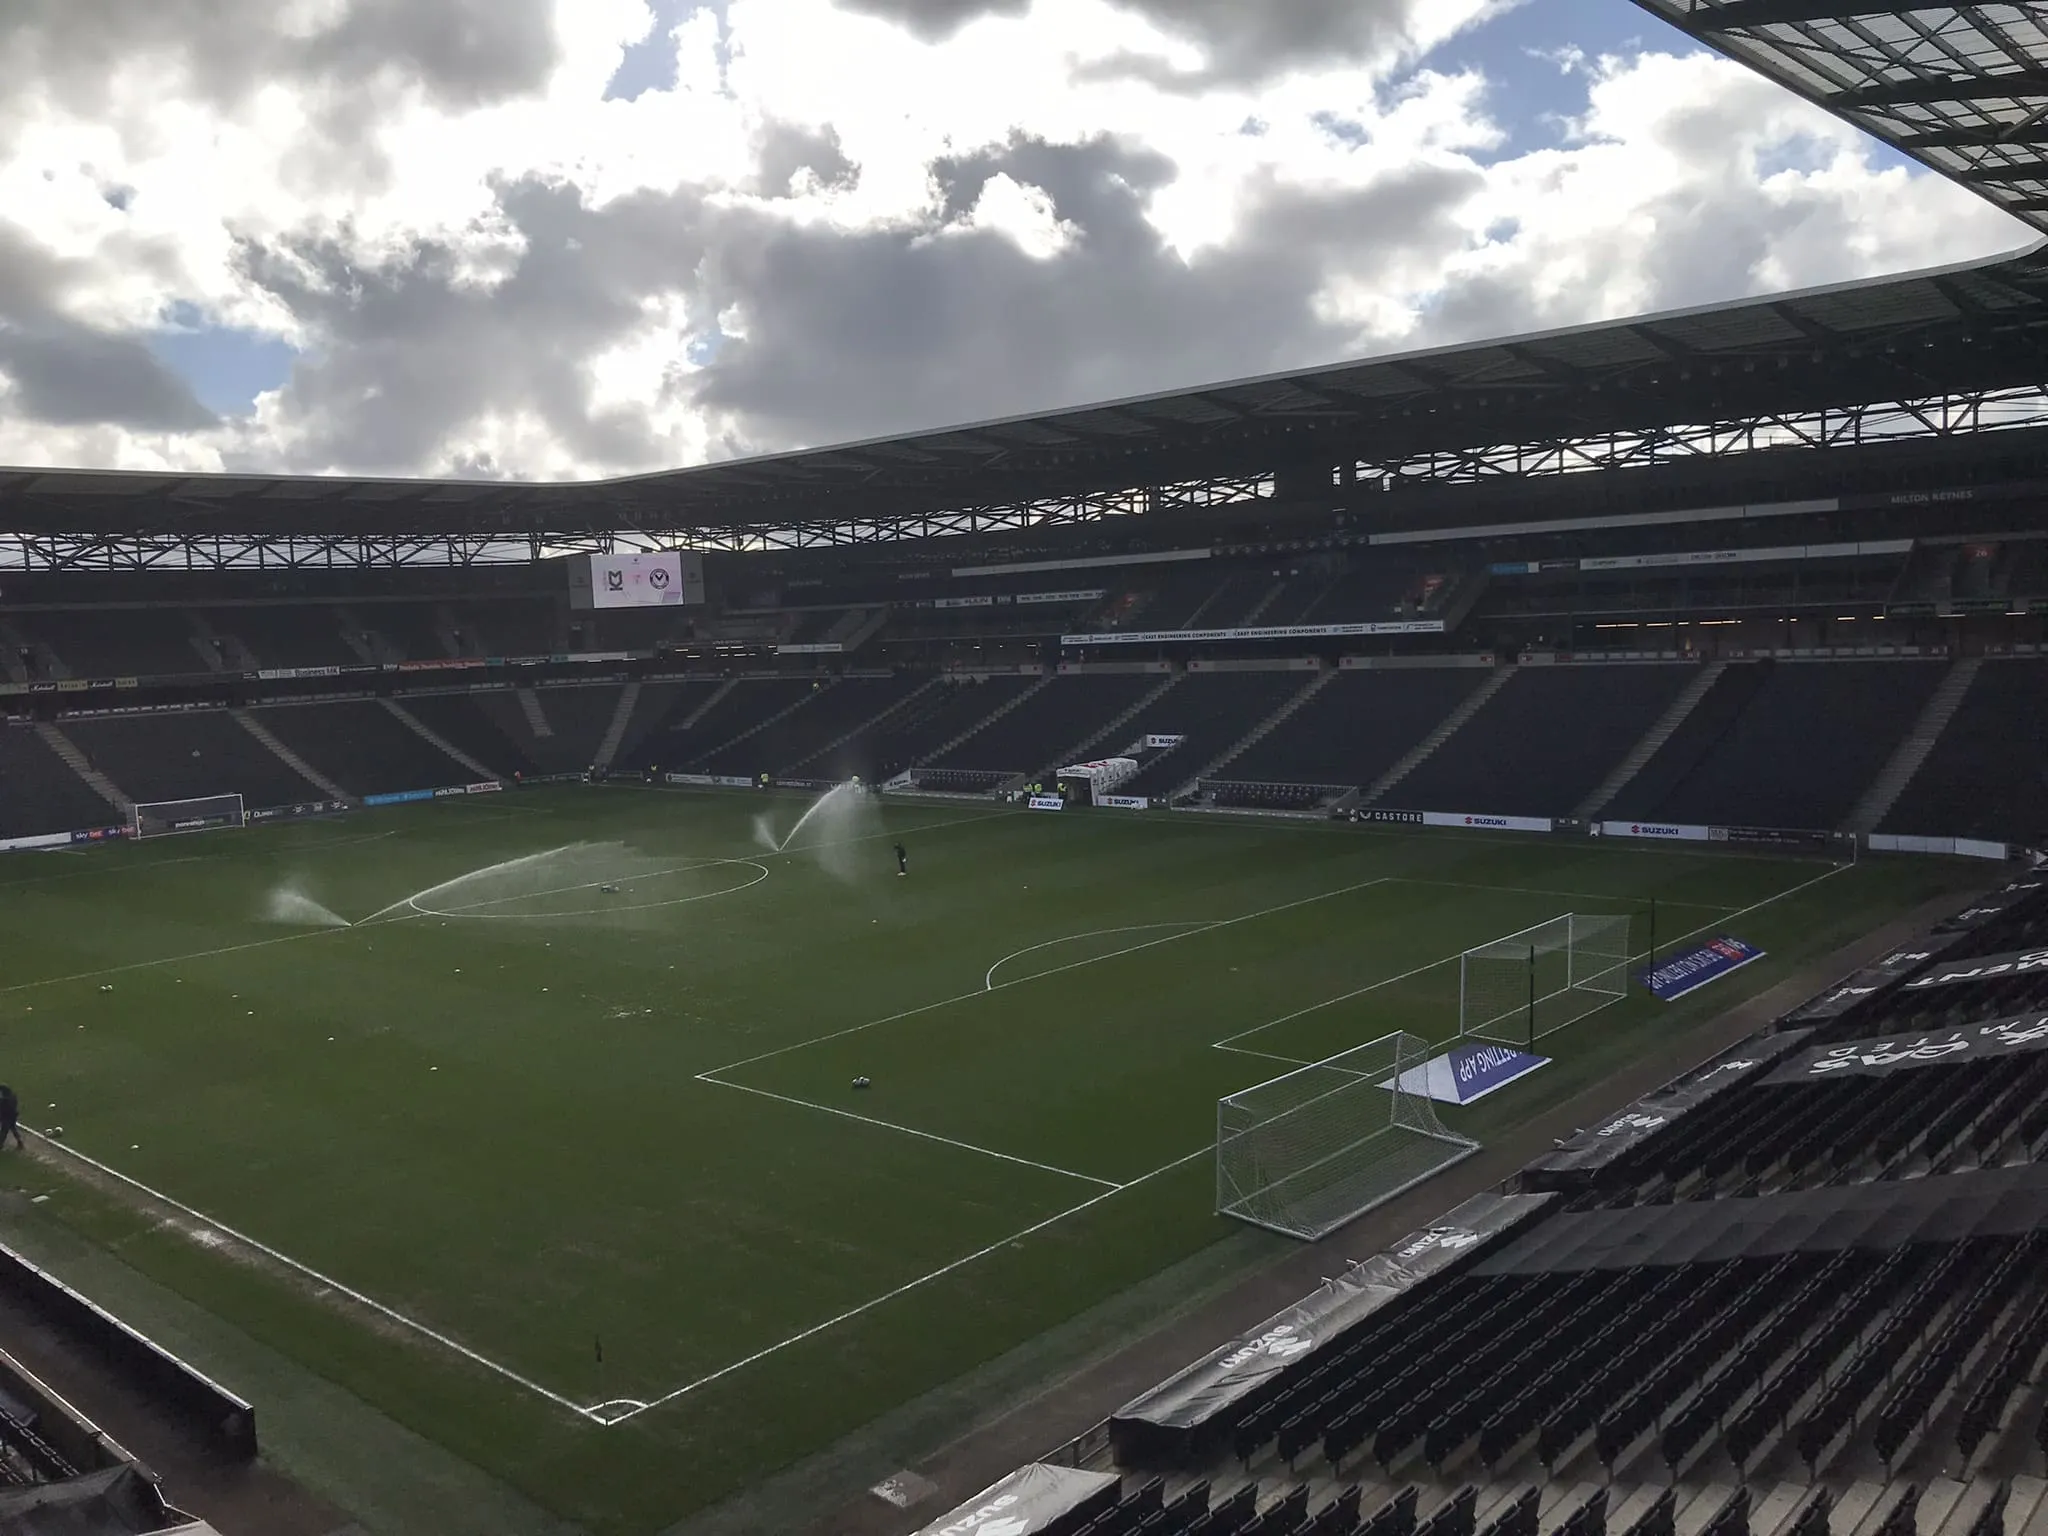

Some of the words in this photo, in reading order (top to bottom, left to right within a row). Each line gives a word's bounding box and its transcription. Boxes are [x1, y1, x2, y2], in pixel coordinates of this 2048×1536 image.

[1890, 493, 1929, 504] MILTON
[1931, 490, 1973, 501] KEYNES
[1251, 628, 1287, 636] ENGINEERING
[1288, 627, 1327, 635] COMPONENTS
[1037, 800, 1061, 808] SUZUKI
[1375, 811, 1422, 823] CASTORE
[1474, 818, 1506, 826] SUZUKI
[1641, 826, 1679, 835] SUZUKI
[1808, 1040, 1969, 1074] GAS
[1459, 1056, 1478, 1082] APP
[1218, 1325, 1294, 1369] SUZUKI
[930, 1494, 1019, 1536] SUZU
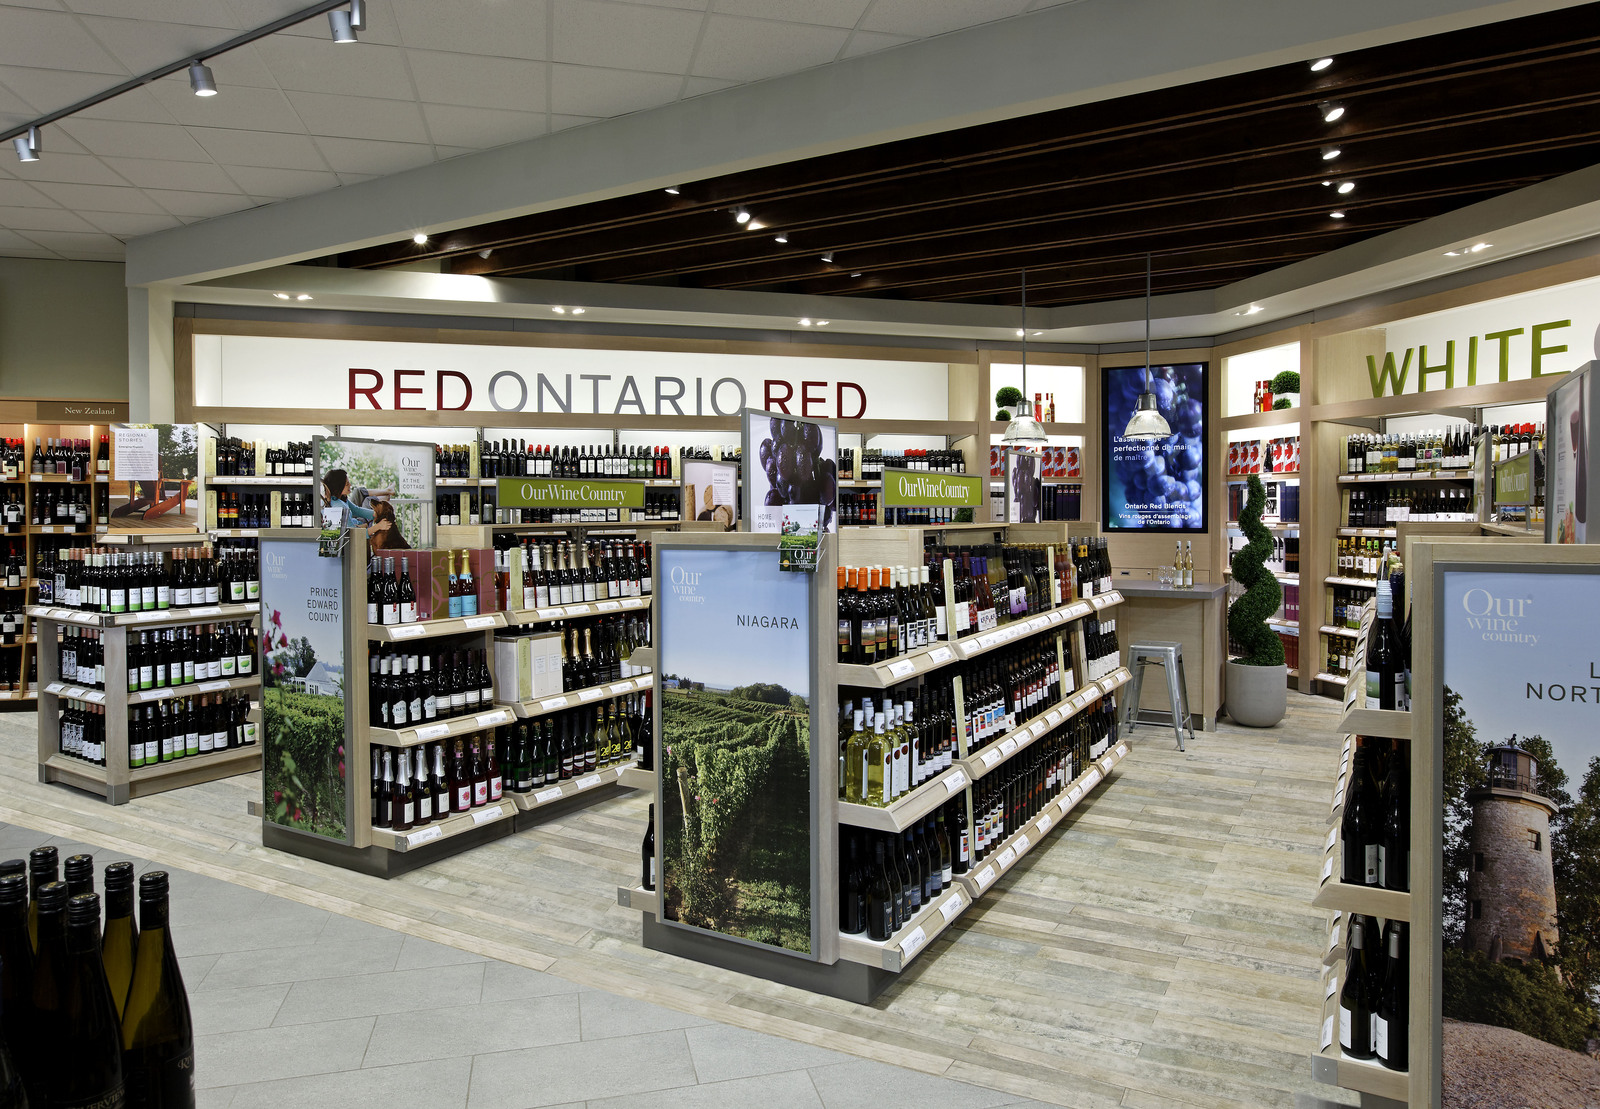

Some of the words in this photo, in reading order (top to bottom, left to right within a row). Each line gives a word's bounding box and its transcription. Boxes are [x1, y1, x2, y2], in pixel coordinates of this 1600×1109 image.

[1366, 319, 1571, 398] WHITE
[349, 368, 473, 411] RED
[488, 370, 747, 417] ONTARIO
[764, 379, 867, 419] RED
[84, 407, 115, 415] Zealand
[1113, 444, 1160, 453] perfectionné
[401, 456, 420, 467] Our
[266, 551, 286, 567] Our
[671, 566, 702, 586] Our
[310, 587, 338, 598] PRINCE
[672, 585, 696, 595] wine
[307, 599, 339, 611] EDWARD
[679, 595, 705, 605] country
[1463, 588, 1532, 617] Our
[308, 612, 339, 623] COUNTY
[737, 614, 799, 630] NIAGARA
[1466, 617, 1519, 632] wine
[1482, 632, 1541, 647] country
[1526, 682, 1600, 704] NORT
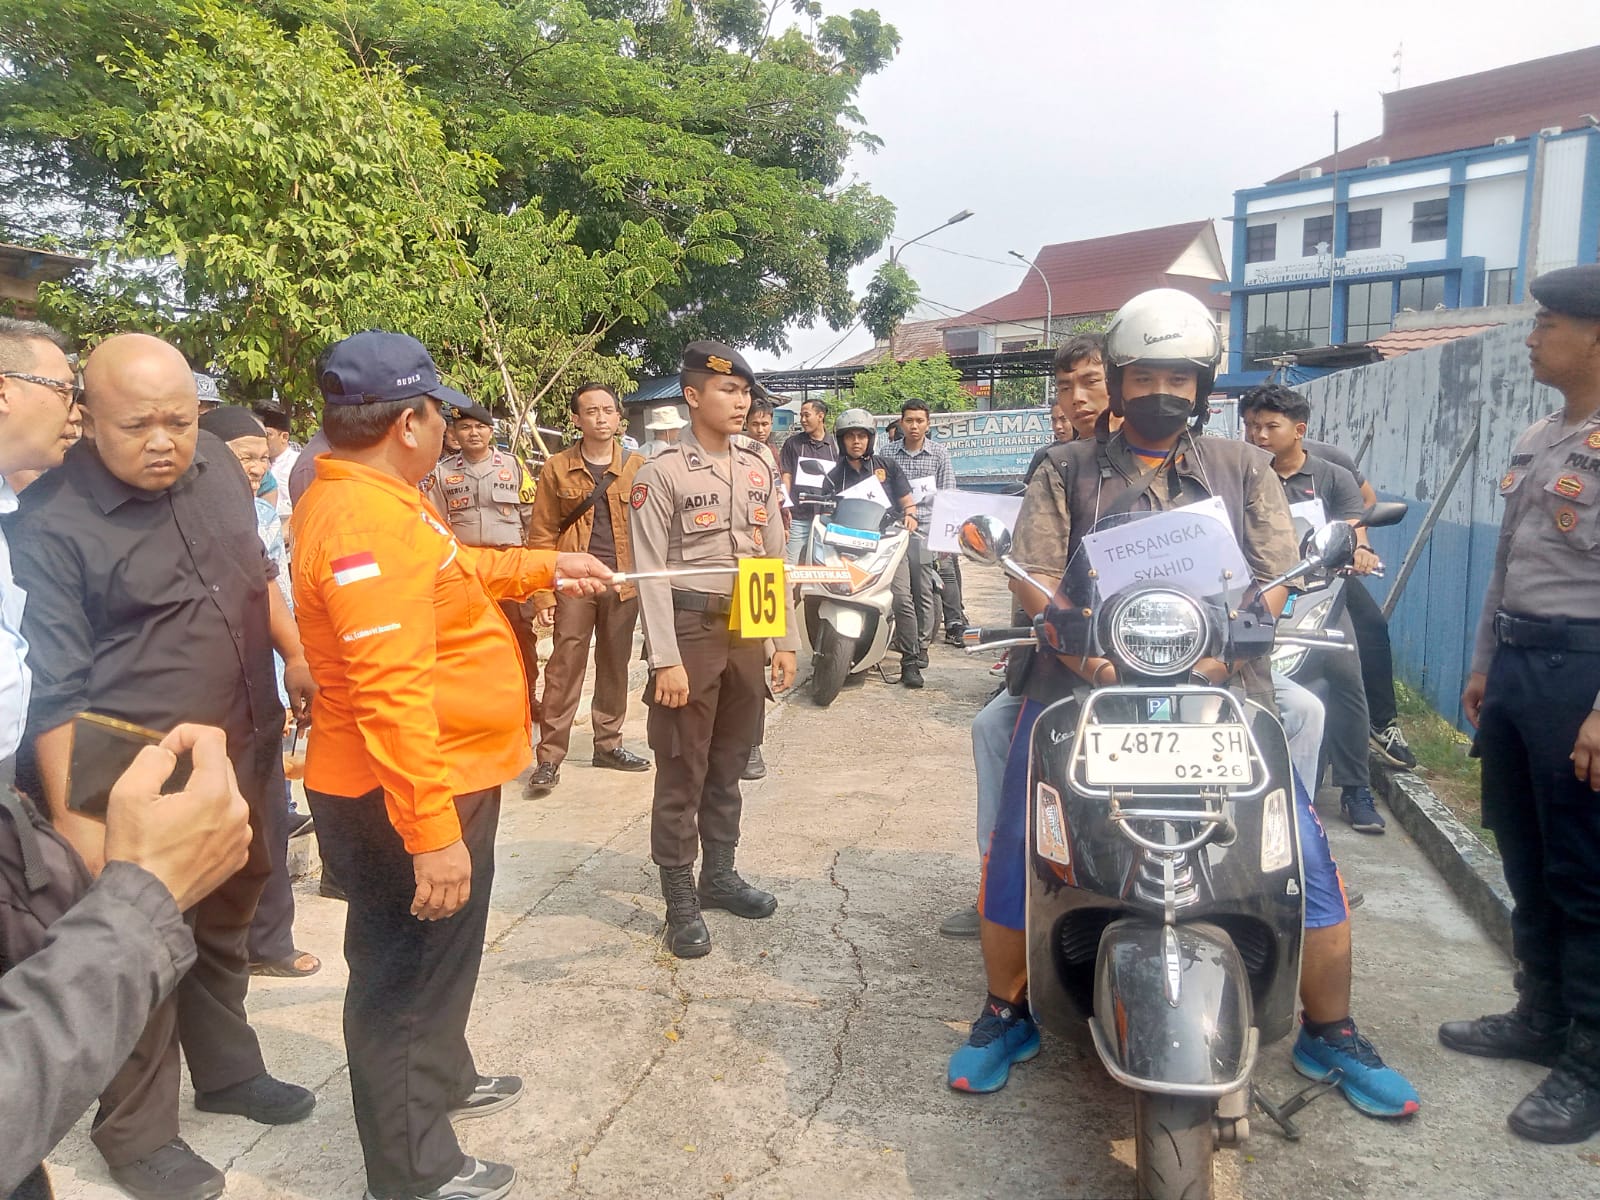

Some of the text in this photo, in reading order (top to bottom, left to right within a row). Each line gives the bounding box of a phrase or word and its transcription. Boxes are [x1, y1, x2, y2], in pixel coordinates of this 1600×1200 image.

········

Required action:
Your job is to restate, word for word, only the lines from the one holding "this 1600×1109 image." through the end of the material; pictures stay out.

Response:
Some of the words in this photo, in reading order (top to bottom, left to right within a row). Each line gives a word's bounding box and its transcription. Boxes are [x1, y1, x2, y2], in pixel coordinates of this 1600×1109 image.

[1366, 319, 1571, 398] WHITE
[349, 368, 473, 411] RED
[488, 370, 747, 417] ONTARIO
[764, 379, 867, 419] RED
[84, 407, 115, 415] Zealand
[1113, 444, 1160, 453] perfectionné
[401, 456, 420, 467] Our
[266, 551, 286, 567] Our
[671, 566, 702, 586] Our
[310, 587, 338, 598] PRINCE
[672, 585, 696, 595] wine
[307, 599, 339, 611] EDWARD
[679, 595, 705, 605] country
[1463, 588, 1532, 617] Our
[308, 612, 339, 623] COUNTY
[737, 614, 799, 630] NIAGARA
[1466, 617, 1519, 632] wine
[1482, 632, 1541, 647] country
[1526, 682, 1600, 704] NORT

Some of the text in this photo, in reading order (top to bottom, left to right within a row). Each line gives the bounding box of a phrase or word and its transcription. Boxes are [x1, y1, x2, y2], in pixel coordinates of this 1600×1200 image.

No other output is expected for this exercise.